DIRECTIONS FOR THIS TASK:
When a line of the entries contains "CHOCOLATE", please list that line.

Images for object localization:
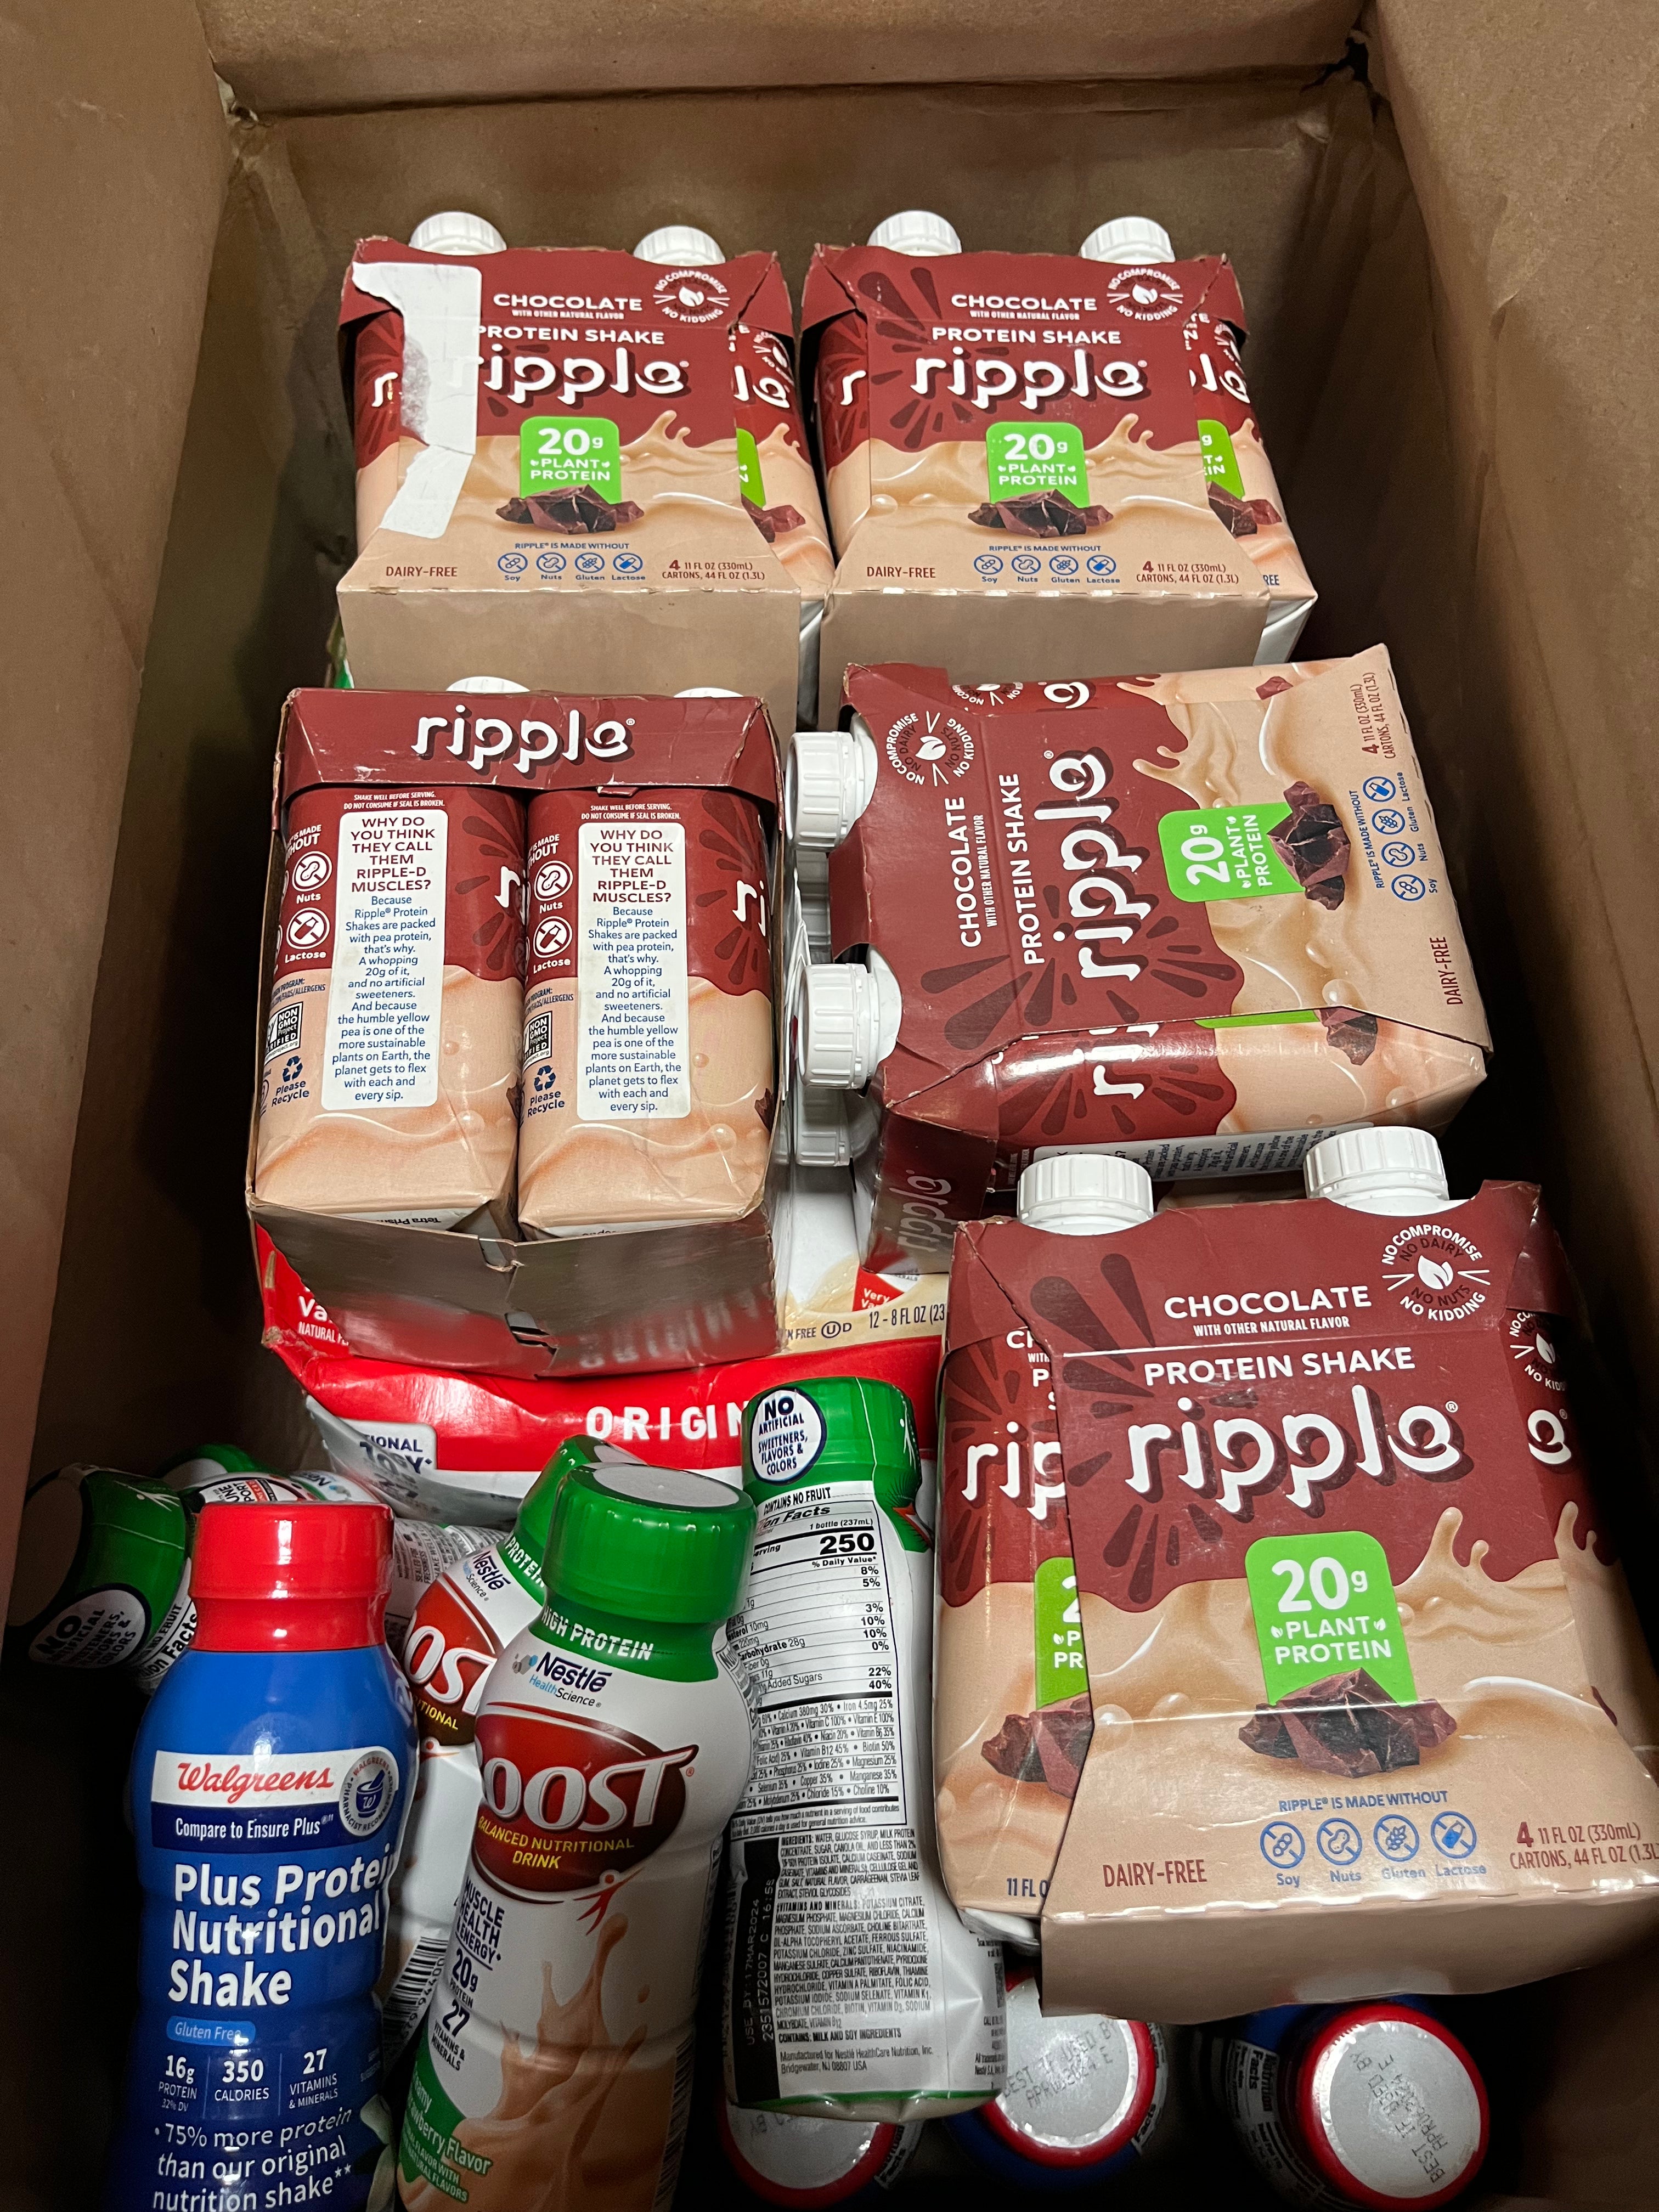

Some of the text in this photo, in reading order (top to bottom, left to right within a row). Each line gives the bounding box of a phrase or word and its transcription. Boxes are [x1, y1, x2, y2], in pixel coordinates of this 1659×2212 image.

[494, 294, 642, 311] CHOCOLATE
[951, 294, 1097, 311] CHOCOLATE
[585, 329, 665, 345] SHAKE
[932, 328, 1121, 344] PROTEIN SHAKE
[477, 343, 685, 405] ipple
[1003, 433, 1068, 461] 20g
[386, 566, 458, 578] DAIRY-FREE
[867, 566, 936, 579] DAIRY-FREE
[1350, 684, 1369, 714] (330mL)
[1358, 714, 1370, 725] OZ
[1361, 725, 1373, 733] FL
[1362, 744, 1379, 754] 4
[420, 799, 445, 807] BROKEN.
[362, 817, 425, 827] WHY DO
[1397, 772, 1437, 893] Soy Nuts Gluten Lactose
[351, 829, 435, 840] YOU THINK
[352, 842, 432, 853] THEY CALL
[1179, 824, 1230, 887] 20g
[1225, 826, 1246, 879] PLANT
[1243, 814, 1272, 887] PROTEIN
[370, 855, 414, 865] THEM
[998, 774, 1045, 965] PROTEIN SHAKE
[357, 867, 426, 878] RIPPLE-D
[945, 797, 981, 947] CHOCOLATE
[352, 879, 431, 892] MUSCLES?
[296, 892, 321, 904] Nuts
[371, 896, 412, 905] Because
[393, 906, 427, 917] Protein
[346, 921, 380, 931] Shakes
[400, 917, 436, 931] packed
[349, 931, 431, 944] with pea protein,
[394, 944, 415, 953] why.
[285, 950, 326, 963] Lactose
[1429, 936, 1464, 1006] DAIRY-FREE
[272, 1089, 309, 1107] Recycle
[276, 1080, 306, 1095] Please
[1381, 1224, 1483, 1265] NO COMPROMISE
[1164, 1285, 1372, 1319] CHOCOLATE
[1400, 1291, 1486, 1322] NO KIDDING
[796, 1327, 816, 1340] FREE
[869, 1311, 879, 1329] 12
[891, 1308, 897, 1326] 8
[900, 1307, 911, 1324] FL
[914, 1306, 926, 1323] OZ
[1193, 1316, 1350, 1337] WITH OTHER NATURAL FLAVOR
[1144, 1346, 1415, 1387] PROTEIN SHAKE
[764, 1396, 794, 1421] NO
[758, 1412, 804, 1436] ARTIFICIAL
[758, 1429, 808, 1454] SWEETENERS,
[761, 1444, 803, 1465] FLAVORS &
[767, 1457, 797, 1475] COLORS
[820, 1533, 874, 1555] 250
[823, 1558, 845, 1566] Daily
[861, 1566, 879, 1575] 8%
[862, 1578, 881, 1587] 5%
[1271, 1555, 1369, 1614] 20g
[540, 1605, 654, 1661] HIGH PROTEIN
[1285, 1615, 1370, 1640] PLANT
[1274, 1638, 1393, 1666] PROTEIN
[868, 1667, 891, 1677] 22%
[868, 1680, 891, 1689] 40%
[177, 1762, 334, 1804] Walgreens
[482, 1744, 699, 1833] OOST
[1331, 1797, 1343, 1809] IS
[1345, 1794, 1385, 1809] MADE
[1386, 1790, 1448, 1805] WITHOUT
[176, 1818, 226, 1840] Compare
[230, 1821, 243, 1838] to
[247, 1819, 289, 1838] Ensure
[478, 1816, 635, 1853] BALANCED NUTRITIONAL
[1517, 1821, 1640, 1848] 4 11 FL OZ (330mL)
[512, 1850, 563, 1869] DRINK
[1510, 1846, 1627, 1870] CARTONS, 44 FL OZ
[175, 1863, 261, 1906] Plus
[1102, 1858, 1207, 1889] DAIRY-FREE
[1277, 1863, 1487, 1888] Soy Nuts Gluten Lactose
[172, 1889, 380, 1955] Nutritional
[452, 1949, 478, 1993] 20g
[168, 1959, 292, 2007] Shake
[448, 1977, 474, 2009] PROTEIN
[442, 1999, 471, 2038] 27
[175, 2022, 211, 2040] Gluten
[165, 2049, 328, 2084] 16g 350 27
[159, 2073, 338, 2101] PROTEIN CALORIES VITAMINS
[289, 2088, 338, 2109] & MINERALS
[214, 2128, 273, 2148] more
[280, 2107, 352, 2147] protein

EXERCISE RESPONSE:
[494, 294, 642, 311] CHOCOLATE
[951, 294, 1097, 311] CHOCOLATE
[945, 797, 981, 947] CHOCOLATE
[1164, 1285, 1372, 1319] CHOCOLATE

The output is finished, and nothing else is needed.